GOAL OF THE EXERCISE: Word for word, give the entries back.

EXERCISE INPUT:
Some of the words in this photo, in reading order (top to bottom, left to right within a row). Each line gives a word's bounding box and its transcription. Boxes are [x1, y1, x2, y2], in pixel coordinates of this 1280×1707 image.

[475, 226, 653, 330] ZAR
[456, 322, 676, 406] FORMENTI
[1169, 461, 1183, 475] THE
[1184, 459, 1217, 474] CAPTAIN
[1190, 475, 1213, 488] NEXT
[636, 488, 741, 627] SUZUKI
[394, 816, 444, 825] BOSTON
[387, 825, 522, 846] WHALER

RESULT OF THIS TASK:
Some of the words in this photo, in reading order (top to bottom, left to right within a row). Each line gives a word's bounding box and its transcription. Boxes are [x1, y1, x2, y2], in pixel coordinates of this 1280×1707 image.

[475, 226, 653, 330] ZAR
[456, 322, 676, 406] FORMENTI
[1169, 461, 1183, 475] THE
[1184, 459, 1217, 474] CAPTAIN
[1190, 475, 1213, 488] NEXT
[636, 488, 741, 627] SUZUKI
[394, 816, 444, 825] BOSTON
[387, 825, 522, 846] WHALER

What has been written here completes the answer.